# Work required
Output each entry exactly; skip nothing.

*** Opening of Data shown ***

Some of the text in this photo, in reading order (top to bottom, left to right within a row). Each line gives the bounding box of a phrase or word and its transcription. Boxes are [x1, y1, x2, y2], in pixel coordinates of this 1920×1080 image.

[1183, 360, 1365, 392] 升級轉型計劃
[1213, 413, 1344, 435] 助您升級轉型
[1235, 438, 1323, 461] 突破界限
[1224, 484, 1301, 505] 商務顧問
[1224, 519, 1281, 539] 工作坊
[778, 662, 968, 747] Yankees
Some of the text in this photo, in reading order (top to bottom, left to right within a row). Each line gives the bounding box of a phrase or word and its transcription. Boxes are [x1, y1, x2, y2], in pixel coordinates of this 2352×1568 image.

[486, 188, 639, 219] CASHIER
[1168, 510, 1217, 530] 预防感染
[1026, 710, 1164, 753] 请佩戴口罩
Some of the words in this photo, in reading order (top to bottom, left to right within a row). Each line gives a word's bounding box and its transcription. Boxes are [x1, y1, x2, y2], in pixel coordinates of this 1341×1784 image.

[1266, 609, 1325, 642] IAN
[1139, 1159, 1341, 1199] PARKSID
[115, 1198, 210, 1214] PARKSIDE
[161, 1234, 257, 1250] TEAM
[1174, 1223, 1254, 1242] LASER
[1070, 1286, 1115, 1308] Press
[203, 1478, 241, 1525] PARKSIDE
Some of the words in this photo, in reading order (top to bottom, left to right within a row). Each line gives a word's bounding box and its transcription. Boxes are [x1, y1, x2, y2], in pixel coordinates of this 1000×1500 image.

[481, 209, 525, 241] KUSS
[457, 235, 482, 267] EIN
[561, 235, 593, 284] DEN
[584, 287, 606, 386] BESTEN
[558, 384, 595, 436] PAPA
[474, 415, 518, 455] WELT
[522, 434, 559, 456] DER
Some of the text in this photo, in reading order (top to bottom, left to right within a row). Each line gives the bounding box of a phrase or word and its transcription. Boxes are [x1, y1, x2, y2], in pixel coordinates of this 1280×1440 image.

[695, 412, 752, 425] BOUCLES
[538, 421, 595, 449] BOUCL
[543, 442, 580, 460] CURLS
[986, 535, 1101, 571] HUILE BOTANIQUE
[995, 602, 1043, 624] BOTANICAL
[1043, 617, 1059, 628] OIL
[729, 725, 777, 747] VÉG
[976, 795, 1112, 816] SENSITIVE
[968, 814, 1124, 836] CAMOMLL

*** Close of Data shown ***

# Answer to the exercise
Some of the text in this photo, in reading order (top to bottom, left to right within a row). Each line gives the bounding box of a phrase or word and its transcription. Boxes are [x1, y1, x2, y2], in pixel coordinates of this 1920×1080 image.

[1183, 360, 1365, 392] 升級轉型計劃
[1213, 413, 1344, 435] 助您升級轉型
[1235, 438, 1323, 461] 突破界限
[1224, 484, 1301, 505] 商務顧問
[1224, 519, 1281, 539] 工作坊
[778, 662, 968, 747] Yankees
Some of the text in this photo, in reading order (top to bottom, left to right within a row). Each line gives the bounding box of a phrase or word and its transcription. Boxes are [x1, y1, x2, y2], in pixel coordinates of this 2352×1568 image.

[486, 188, 639, 219] CASHIER
[1168, 510, 1217, 530] 预防感染
[1026, 710, 1164, 753] 请佩戴口罩
Some of the words in this photo, in reading order (top to bottom, left to right within a row). Each line gives a word's bounding box and its transcription. Boxes are [x1, y1, x2, y2], in pixel coordinates of this 1341×1784 image.

[1266, 609, 1325, 642] IAN
[1139, 1159, 1341, 1199] PARKSID
[115, 1198, 210, 1214] PARKSIDE
[161, 1234, 257, 1250] TEAM
[1174, 1223, 1254, 1242] LASER
[1070, 1286, 1115, 1308] Press
[203, 1478, 241, 1525] PARKSIDE
Some of the words in this photo, in reading order (top to bottom, left to right within a row). Each line gives a word's bounding box and its transcription. Boxes are [x1, y1, x2, y2], in pixel coordinates of this 1000×1500 image.

[481, 209, 525, 241] KUSS
[457, 235, 482, 267] EIN
[561, 235, 593, 284] DEN
[584, 287, 606, 386] BESTEN
[558, 384, 595, 436] PAPA
[474, 415, 518, 455] WELT
[522, 434, 559, 456] DER
Some of the text in this photo, in reading order (top to bottom, left to right within a row). Each line gives the bounding box of a phrase or word and its transcription. Boxes are [x1, y1, x2, y2], in pixel coordinates of this 1280×1440 image.

[695, 412, 752, 425] BOUCLES
[538, 421, 595, 449] BOUCL
[543, 442, 580, 460] CURLS
[986, 535, 1101, 571] HUILE BOTANIQUE
[995, 602, 1043, 624] BOTANICAL
[1043, 617, 1059, 628] OIL
[729, 725, 777, 747] VÉG
[976, 795, 1112, 816] SENSITIVE
[968, 814, 1124, 836] CAMOMLL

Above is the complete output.